Solved: Duplicate, Triplicate , Quadrupled logs in splunk

yamini_37 · ‎09-30-2020

Hi All,

Recently i have integrated one zipped log file. Daily, at a particular time , the log will get updated with few additional log lines. But , in splunk , the logs are ingesting so strangely.

For example, on 25/9/20, the log lines were 10, and in splunk i saw the same log count.
On 26/9/20, additional 5 lines were appended and the log file got updated. Ideally, these 5 lines should ingest into splunk. But that is not happening real case.

REAL BEHAVIOR OF SPLUNK UF agent:
On 25/9/2020, log line count in server is 10, splunk count is 10.

On 26/9/20, 5 lines were added and log line count in server is 15 but in splunk, it reindexed the file again and indexes all the 15 log lines again in splunk. Now the total count since 25/9/2020 is 15+10=25.(ideally, it should contain 15 logs only)

On 27/9/20, 5 lines were added and log line count in server is 20 but in splunk, it reindexed the file again and indexes all the 20 log lines again in splunk. Now the total count since 25/9/2020 is 20+(15+10)=45.(ideally, it should contain 20 logs only)

So, the first indexed log is seen thrice and the latest indexed log is seen once. likewise, daily the ingestion is getting multiplicated.

Here, the log file is not rotating, all the new log lines are appended in the same log file and available in zipped format in the server.

Can someone please help me to fix this ingestion behaviour. Please!!!

Richfez · ‎09-30-2020

That is, unfortunately for your use case, how it works.

https://docs.splunk.com/Documentation/Splunk/latest/Data/Monitorfilesanddirectories#How_Splunk_Enter...

So, I'd suggest the easiest solution might be to rotate the log file, but I'm not sure that will work in your case (timing is everything!)

If the file writing application isn't bothered by no existing log file (e.g. if it finds the file missing, it just creates it, writes a few lines and moves on with life) and if other business requirements are fine with this, you could set it up as a batch input with a move_policy of sinkhole. That would immediately delete the file each time it was read, so it won't re-read old stuff.

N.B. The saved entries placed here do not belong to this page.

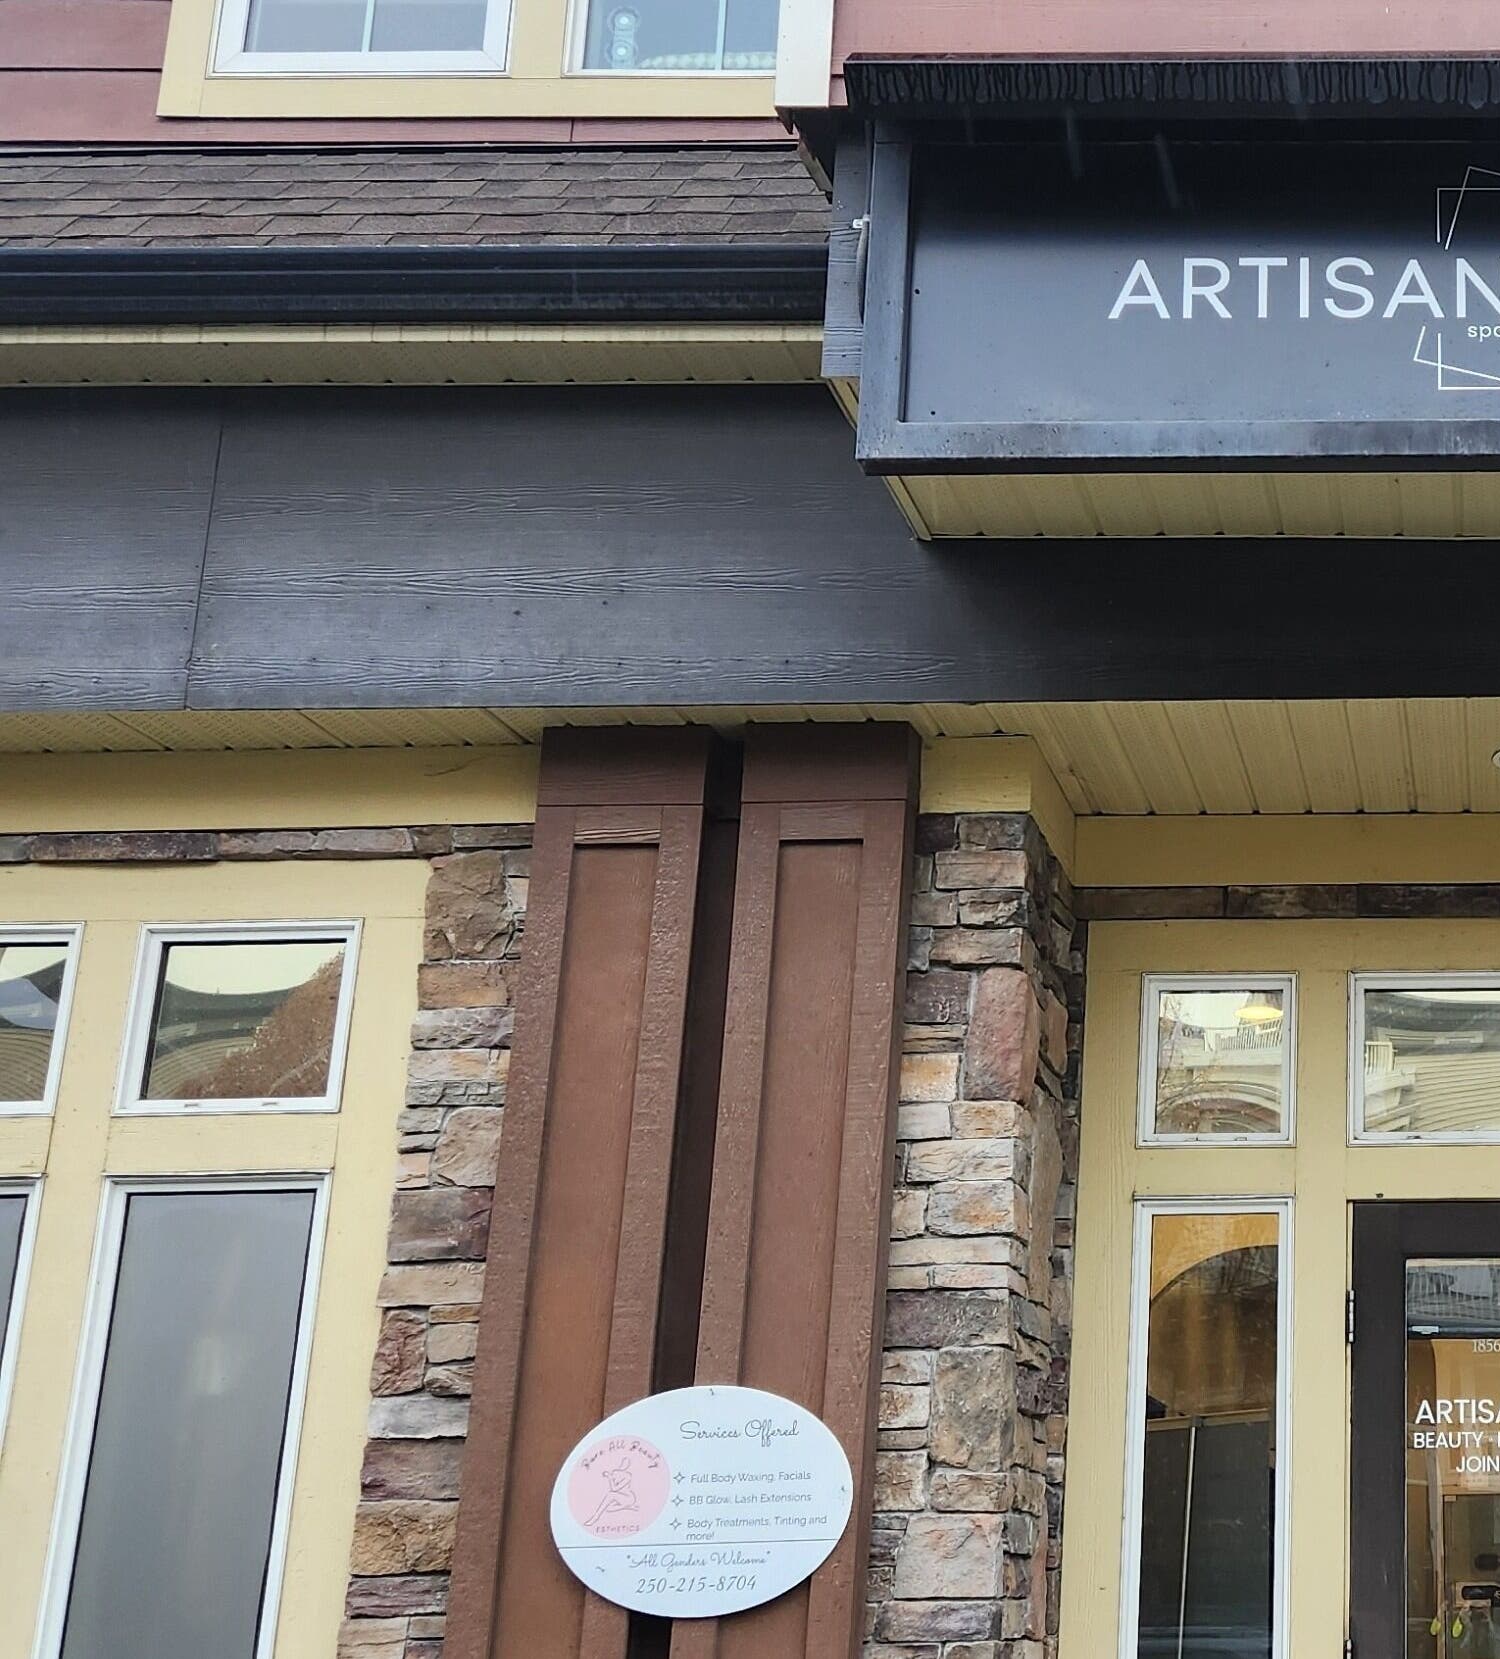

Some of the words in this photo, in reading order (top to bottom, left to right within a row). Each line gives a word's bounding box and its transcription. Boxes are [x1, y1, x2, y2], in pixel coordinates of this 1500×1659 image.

[1472, 1339, 1500, 1353] 1856
[680, 1420, 740, 1440] Services
[745, 1418, 799, 1447] Offered
[609, 1440, 626, 1452] All
[1413, 1432, 1484, 1449] BEAUTY
[690, 1474, 710, 1483] Full
[711, 1473, 736, 1484] Body
[778, 1471, 812, 1480] Facials
[689, 1496, 704, 1505] BB
[735, 1494, 758, 1504] Lash
[760, 1492, 812, 1503] Extensions
[687, 1518, 713, 1529] Body
[774, 1515, 807, 1527] Tinting
[809, 1515, 828, 1525] and
[686, 1531, 715, 1541] more!
[661, 1552, 706, 1573] Genders
[635, 1575, 757, 1594] 250-215-8704

Another option, probably the best option, could have a process/script unzip the file into a new location on a periodic basis, and have Splunk tail that unzipped version. You'll have to test a bit, but I believe this should work for you.

Otherwise, sorry, it's just how it works - when a zip file is indexed, its entire contents are indexed.

Happy Splunking!

-Rich

View solution in original post

Richfez · ‎09-30-2020

That is, unfortunately for your use case, how it works.

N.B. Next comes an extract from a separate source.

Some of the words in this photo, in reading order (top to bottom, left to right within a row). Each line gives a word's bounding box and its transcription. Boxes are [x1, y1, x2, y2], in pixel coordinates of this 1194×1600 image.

https://docs.splunk.com/Documentation/Splunk/latest/Data/Monitorfilesanddirectories#How_Splunk_Enter...

So, I'd suggest the easiest solution might be to rotate the log file, but I'm not sure that will work in your case (timing is everything!)

If the file writing application isn't bothered by no existing log file (e.g. if it finds the file missing, it just creates it, writes a few lines and moves on with life) and if other business requirements are fine with this, you could set it up as a batch input with a move_policy of sinkhole. That would immediately delete the file each time it was read, so it won't re-read old stuff.

Another option, probably the best option, could have a process/script unzip the file into a new location on a periodic basis, and have Splunk tail that unzipped version. You'll have to test a bit, but I believe this should work for you.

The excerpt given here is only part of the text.